Dragon Rouge, Anthony Hopkins revient une ultime fois

Après LE SILENCE DES AGNEAUX et HANNIBAL, Anthony Hopkins reprend une ultime fois le personnage du cannibale. Ici, c’est pour une préquelle qui revient donc avant les événements du film initial réalisé par Jonathan Demme.

Trois ans après avoir arrêté le docteur Hannibal Lecter, Will Graham (Edward Norton) vit paisiblement avec sa femme et son fils en Floride. Les blessures physiques que lui a infligées ce dangereux criminel ont disparu, mais il garde encore quelques séquelles psychologiques de sa rencontre avec lui. Cette mauvaise expérience l’a amené à se retirer du FBI. Un jour, son ancien patron (Harvey Keitel) vient lui rendre visite. Il a besoin de son aide pour traquer un tueur en série connu sous le nom de « la petite souris » (Ralph Fiennes). Ce dernier a déjà massacré deux familles durant des nuits de pleine lune. Le FBI ne dispose que de quelques jours avant qu’il ne frappe à nouveau. Will ne se sent pas prêt à reprendre du service, mais a-t-il réellement le choix ? Afin de comprendre les motivations de ce tueur, il se voit contraint de demander l’aide du docteur Lecter, qui se trouve au centre de détention psychiatrique de Baltimore.

DRAGON ROUGE, c’est un peu le mal-aimé de la trilogie.
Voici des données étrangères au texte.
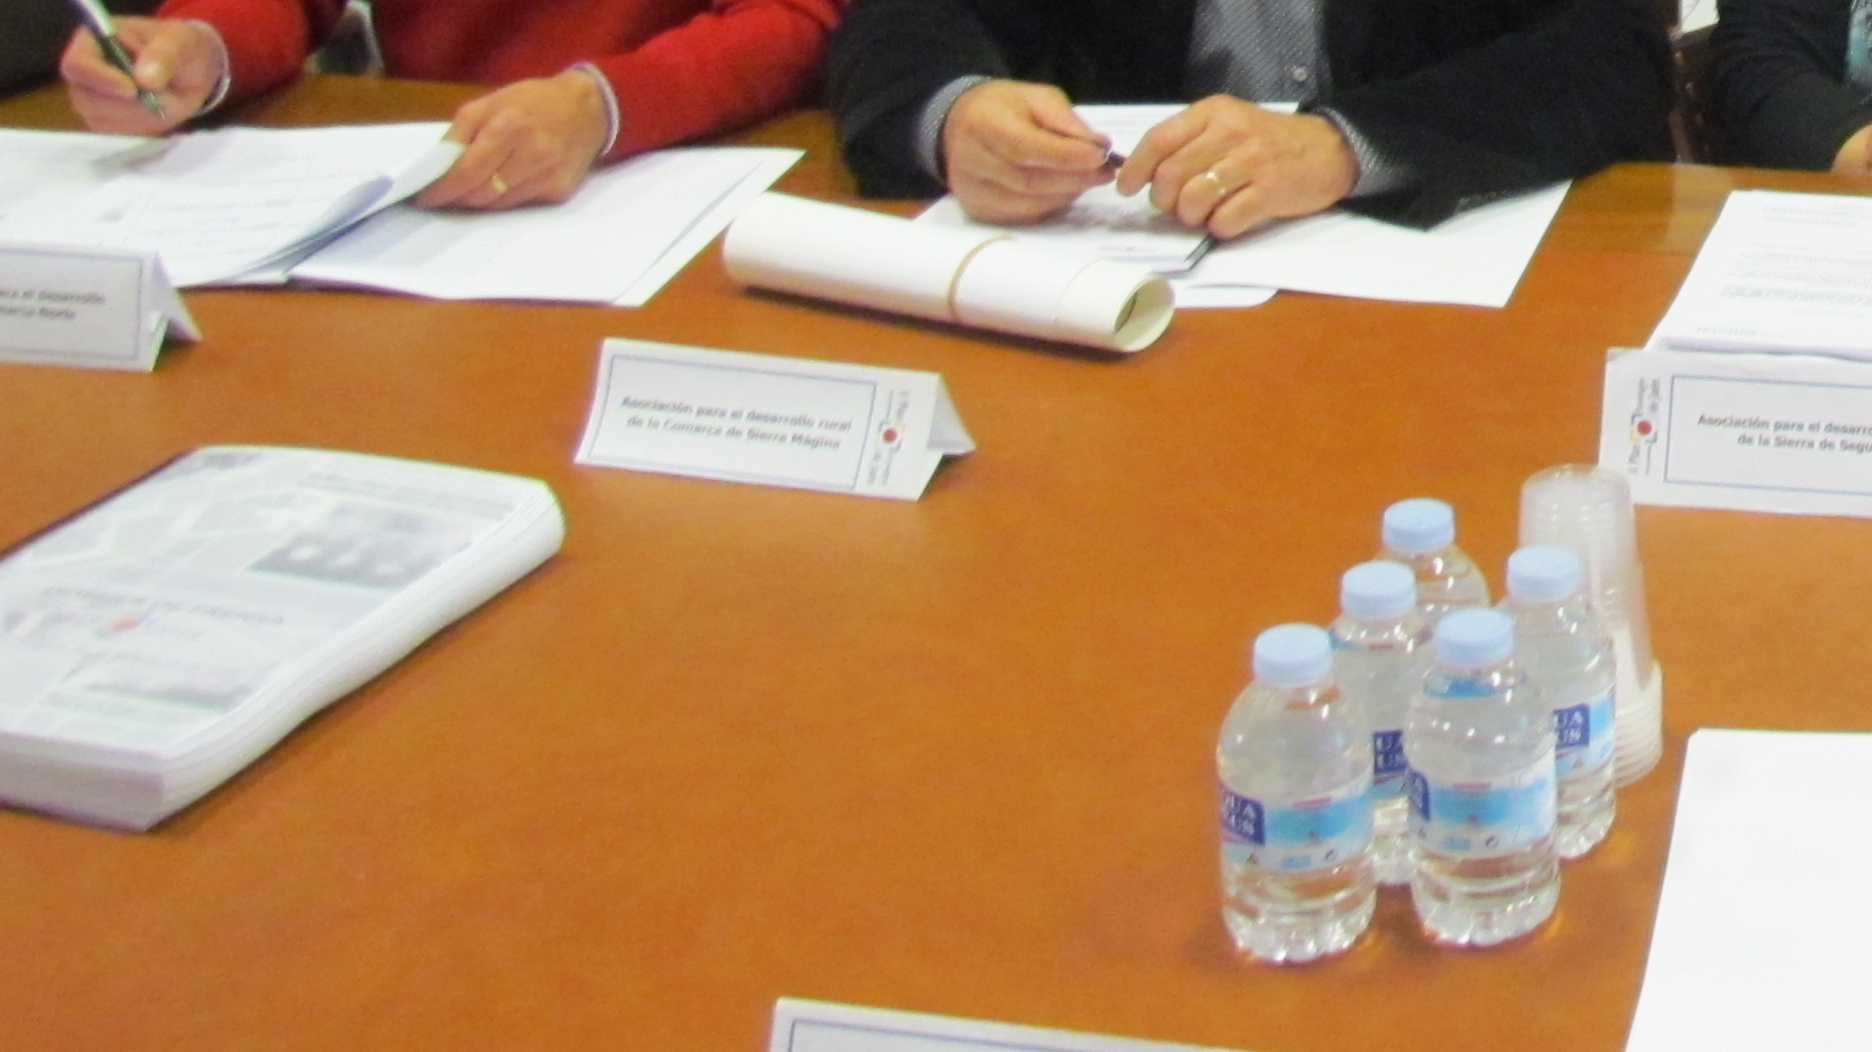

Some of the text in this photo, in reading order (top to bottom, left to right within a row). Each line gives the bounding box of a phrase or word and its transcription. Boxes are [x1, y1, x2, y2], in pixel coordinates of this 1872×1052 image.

[621, 394, 853, 433] Asociación para el desarrollo rural
[1697, 413, 1771, 431] Asociación
[1772, 419, 1805, 435] para
[1807, 420, 1822, 433] el
[626, 414, 645, 427] de
[646, 416, 661, 429] la
[662, 418, 724, 437] Comarca
[725, 425, 744, 438] de
[746, 427, 787, 445] Sierra
[1737, 434, 1755, 446] de
[1757, 434, 1771, 447] la
[1773, 435, 1816, 450] Sierra
[1818, 438, 1836, 451] de
Certes, c’est probablement le moins rythmé des trois et le moins original puisqu’il reprend sans vergogne la structure du SILENCE DES AGNEAUX. Le HANNIBAL de Ridley Scott avait au moins tenté de différer en terme de style du précédent. Brett Ratner, le réalisateur de DRAGON ROUGE, n’est pas non plus le cinéaste le plus inventif qui soit. Il manque en effet d’une vraie ambiance glauque pour rehausser le niveau de l’ensemble. Mais globalement, le long-métrage est efficace et atténue la présence d’Hannibal pour nous présenter une autre facette de lui, peut-être encore plus animal. Anthony Hopkins, le regard fou et acéré, est toujours aussi impressionnant. Avec son parlé si particulier et ses bons mots, il est, à mes yeux, irremplaçable dans ce rôle.
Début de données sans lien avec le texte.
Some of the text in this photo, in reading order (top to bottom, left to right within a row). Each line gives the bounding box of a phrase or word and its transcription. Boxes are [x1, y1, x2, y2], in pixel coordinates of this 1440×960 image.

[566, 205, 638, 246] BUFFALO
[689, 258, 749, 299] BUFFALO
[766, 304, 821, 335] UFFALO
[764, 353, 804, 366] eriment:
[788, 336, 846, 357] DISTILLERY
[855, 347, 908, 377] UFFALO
Le criminel joué par Ralph Fiennes est également très intéressant et relativement ambigüe. Le charisme redoutable de son interprète y est pour beaucoup, évidemment, mais l’écriture autour du dragon rouge est plutôt bien réussie. Il aurait pu être encore plus fourbe en malmenant davantage son adversaire, Will Graham, incarné par un

Edward Norton plongé dans l’horreur d’une situation effroyable. La séquence où il entre chez les victimes du tueur glace le sang puisqu’elle est suggérée et non montrée. Elle joue alors sur notre propre imagination, s’immergeant également dans la tête de Graham qui ne sait encore rien de ce qu’il s’est passé.

DRAGON ROUGE possède donc de nombreuses qualités qui raccordent les wagons avec LE SILENCE DES AGNEAUX (et qui permet même de mieux comprendre certains détails du film porté par Jodie Foster). Néanmoins, DRAGON ROUGE est celui qui marchera le moins bien des trois, rapportant 209 millions de dollars (contre 272,7 millions pour LE SILENCE DES AGNEAUX et 351,7 millions pour HANNIBAL). Cinq ans plus tard, Hannibal reviendra sous les traits de Gaspard Ulliel pour HANNIBAL LECTER, LES ORIGINES DU MAL.